- **What to produce**
Whenever an image turns up, omit it and return the remaining data exactly.

-- Supplied records follows --

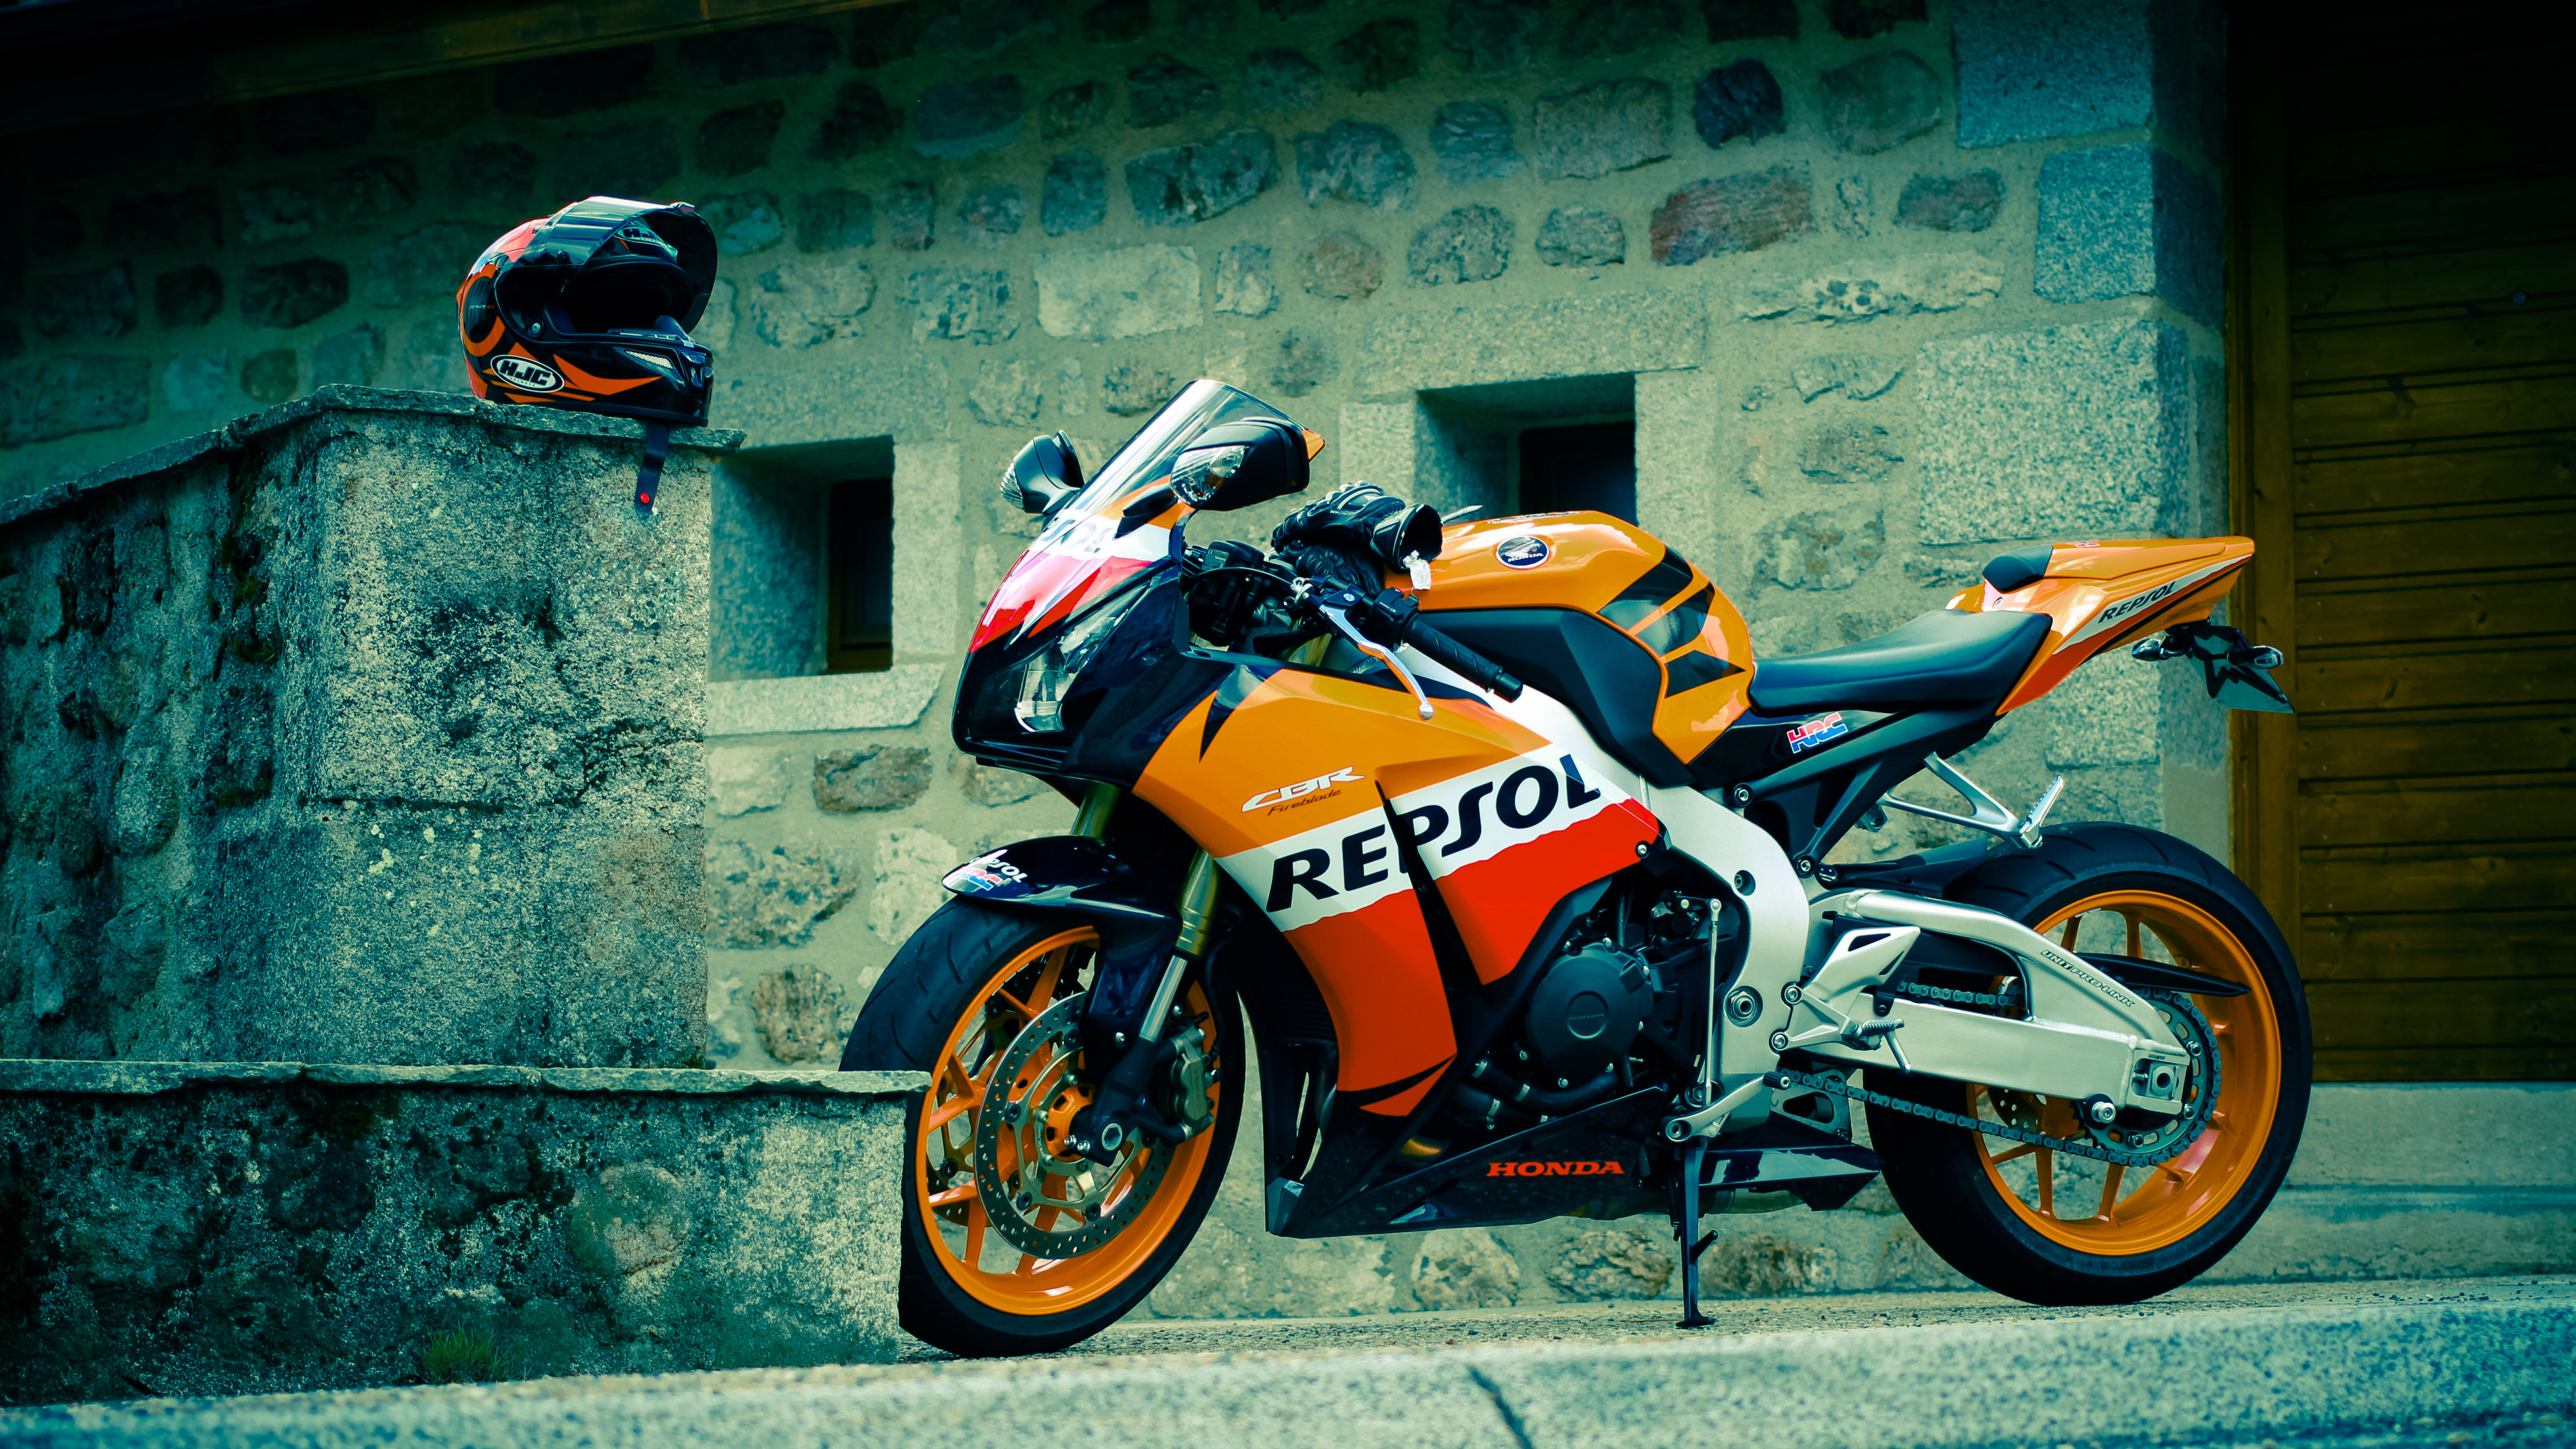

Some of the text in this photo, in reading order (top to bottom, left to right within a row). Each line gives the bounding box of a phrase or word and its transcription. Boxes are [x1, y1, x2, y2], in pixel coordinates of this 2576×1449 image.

[499, 360, 551, 386] HJC
[1507, 552, 1544, 563] HONDA
[2097, 581, 2176, 624] REPSOL
[1786, 712, 1848, 754] HRC
[1242, 765, 1366, 812] CBR
[1267, 789, 1342, 816] Fireblade
[1266, 753, 1601, 913] REPSOL
[2040, 949, 2136, 1008] UNIT PRO-LINK
[1487, 1161, 1625, 1177] HONDA

-- Supplied records concluded --

- **Solution**
Some of the text in this photo, in reading order (top to bottom, left to right within a row). Each line gives the bounding box of a phrase or word and its transcription. Boxes are [x1, y1, x2, y2], in pixel coordinates of this 2576×1449 image.

[499, 360, 551, 386] HJC
[1507, 552, 1544, 563] HONDA
[2097, 581, 2176, 624] REPSOL
[1786, 712, 1848, 754] HRC
[1242, 765, 1366, 812] CBR
[1267, 789, 1342, 816] Fireblade
[1266, 753, 1601, 913] REPSOL
[2040, 949, 2136, 1008] UNIT PRO-LINK
[1487, 1161, 1625, 1177] HONDA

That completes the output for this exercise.